Saved data entries
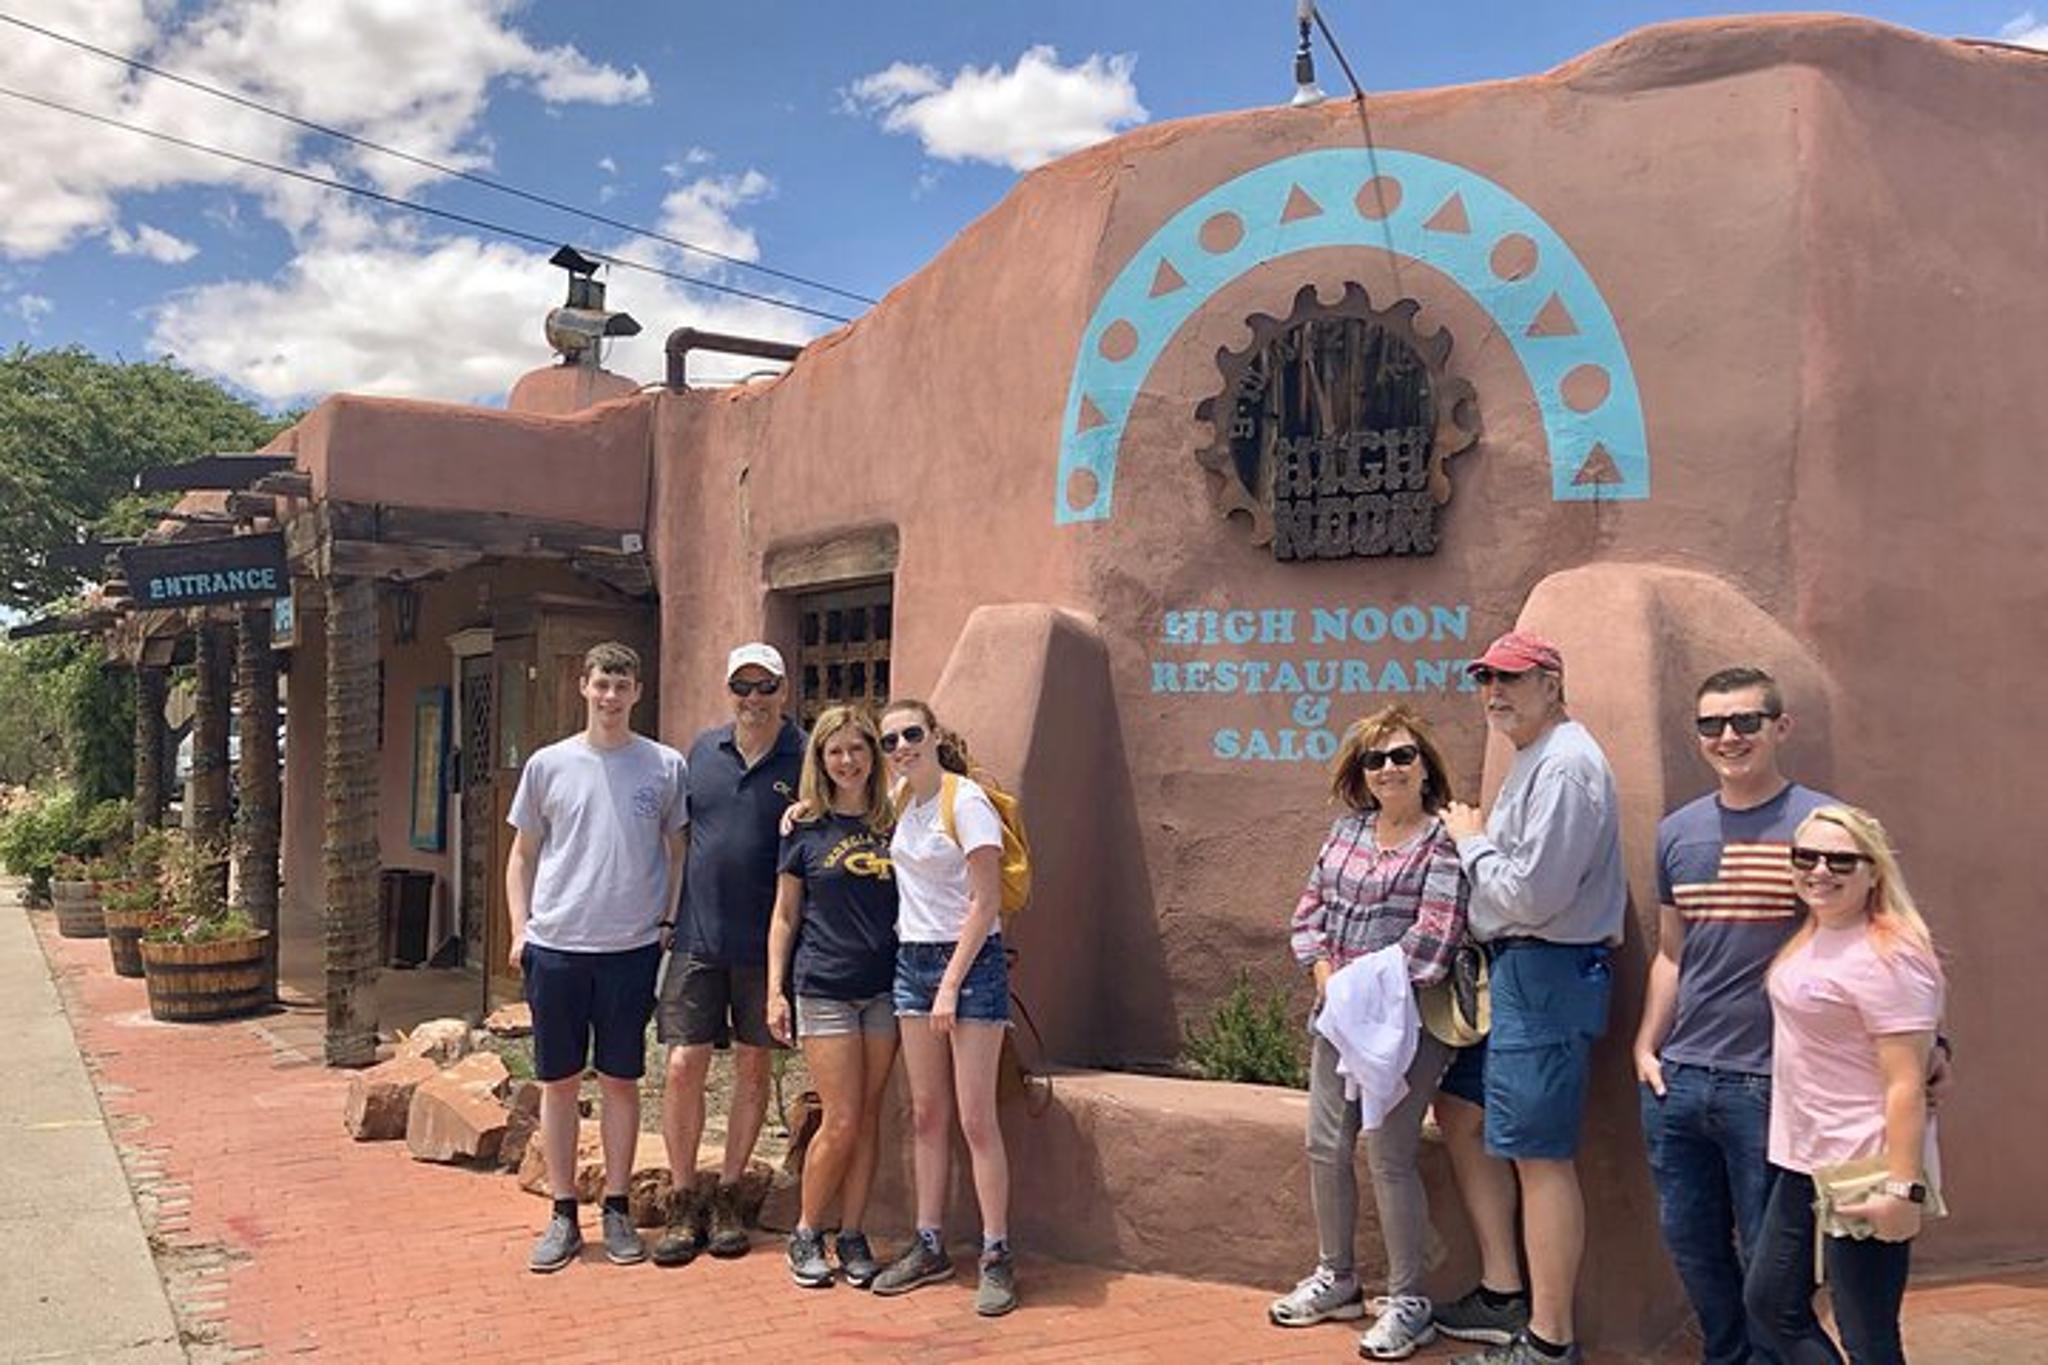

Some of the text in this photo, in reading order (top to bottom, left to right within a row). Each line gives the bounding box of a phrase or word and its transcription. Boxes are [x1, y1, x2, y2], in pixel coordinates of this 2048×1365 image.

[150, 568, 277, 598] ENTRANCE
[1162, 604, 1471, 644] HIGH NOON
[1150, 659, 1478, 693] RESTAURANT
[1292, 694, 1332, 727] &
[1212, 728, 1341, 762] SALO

> What you need to do:
Only the records are wanted, copied exactly, with the pictures dropped.

> Answer for the task:
Some of the text in this photo, in reading order (top to bottom, left to right within a row). Each line gives the bounding box of a phrase or word and its transcription. Boxes are [x1, y1, x2, y2], in pixel coordinates of this 2048×1365 image.

[150, 568, 277, 598] ENTRANCE
[1162, 604, 1471, 644] HIGH NOON
[1150, 659, 1478, 693] RESTAURANT
[1292, 694, 1332, 727] &
[1212, 728, 1341, 762] SALO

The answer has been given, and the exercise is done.